Living in a land of chicken fuckers by Normal Wisdom
Thanks to phone hacking we lived in enlightened times. We knew which celebrity was doing what, and to whom. And we were better for it. Without that we now have to look at ourselves for what we really are.
“The size of the lie is a definite factor in causing it to be believed, for the vast masses of a nation are in the depths of their hearts more easily deceived than they are consciously and intentionally bad. The primitive simplicity of their minds renders them a more easy prey to a big lie than a small one, for they themselves often tell little lies, but would be ashamed to tell big lies.”
Hitler said that. I think he was implying that most people in any given country are a good, trusting, gullible sort that have missed out on evolution, which somehow makes them stupid and ripe for power crazed maniacs like himself to takeover and exploit, but that was a long time ago and times have moved on.
Hitler, who had evolved so much that he only needed one testicle, also said:
“In relation to the political decontamination of our public life, the government will embark upon a systematic campaign to restore the nation’s moral and material health. The whole educational system, theatre, film, literature, the press and broadcasting – all these will be used as a means to this end.”
I have heard similar recently. Well, not exactly like that, but there have been promises. One was to make the nation happy, to make things orderly and proper, and a review of how education and the arts and media is run. Well, fuck that. I was doing fine till you started making me question whether I was actually happy or not.
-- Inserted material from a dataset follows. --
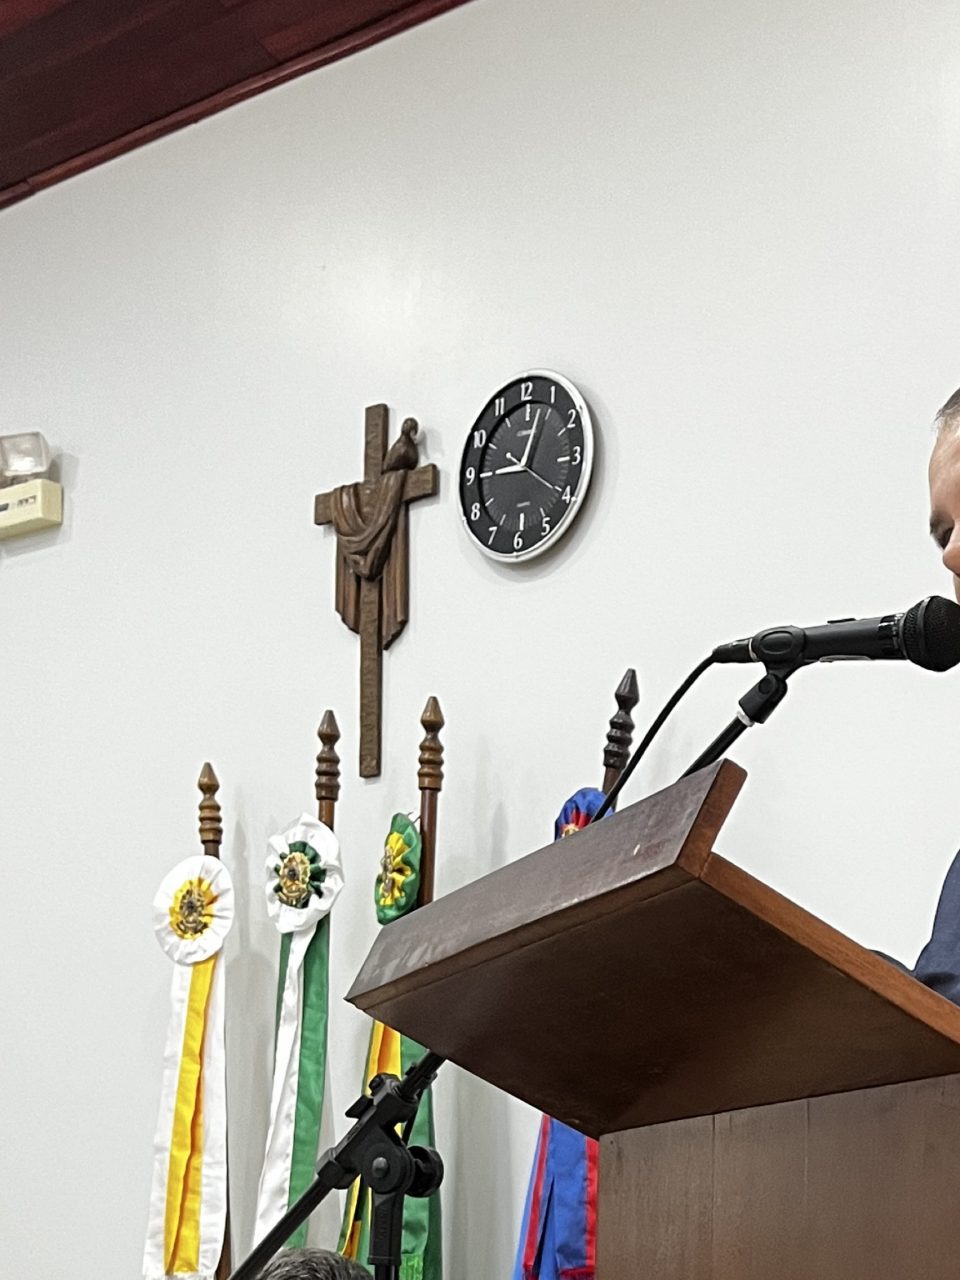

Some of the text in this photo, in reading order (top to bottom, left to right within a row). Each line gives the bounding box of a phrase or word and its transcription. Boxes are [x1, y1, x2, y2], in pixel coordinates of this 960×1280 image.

I’m not sure your kind of spiritual, uptight karmic help is needed, at least not today.
Mastering the art of decontaminating your public life has proved tricky of late. There are many contaminated elements from the fallout of this deplorable episode that makes a mockery of British democracy. Those who have not already made for the exits are desperately hoping they will not be shoved forward and have to don the lead gloves to clean the mess up. Or maybe they won’t need shoving?
Maybe they will have the metaphorical balls to step up and be a hero for democracy and integrity, but they’ll need to remember to put the gloves on first, as this mess will do worse than stain. Avoid getting any traces of it on your person. You won’t notice at first, but soon, maybe in days, or months, your hair will fall out, your gums will turn purple and your teeth will drop from your mouth in groups, and you will spew up acidic vomit that will eventually rot your throat and the lower half of your face away.
What we face now in the UK is a question of integrity and credibility. Sure, this kind of subterfuge has always been going on in political life, only these guys have been caught in the open with their pants down. I once worked in a chicken factory and one of the employees was found by his colleagues fucking a dead chicken, the prepared kind you buy in shops. He couldn’t deny it, and it may even have been his first attempt at such a practice, but from then on he was always referred to as the chicken fucker.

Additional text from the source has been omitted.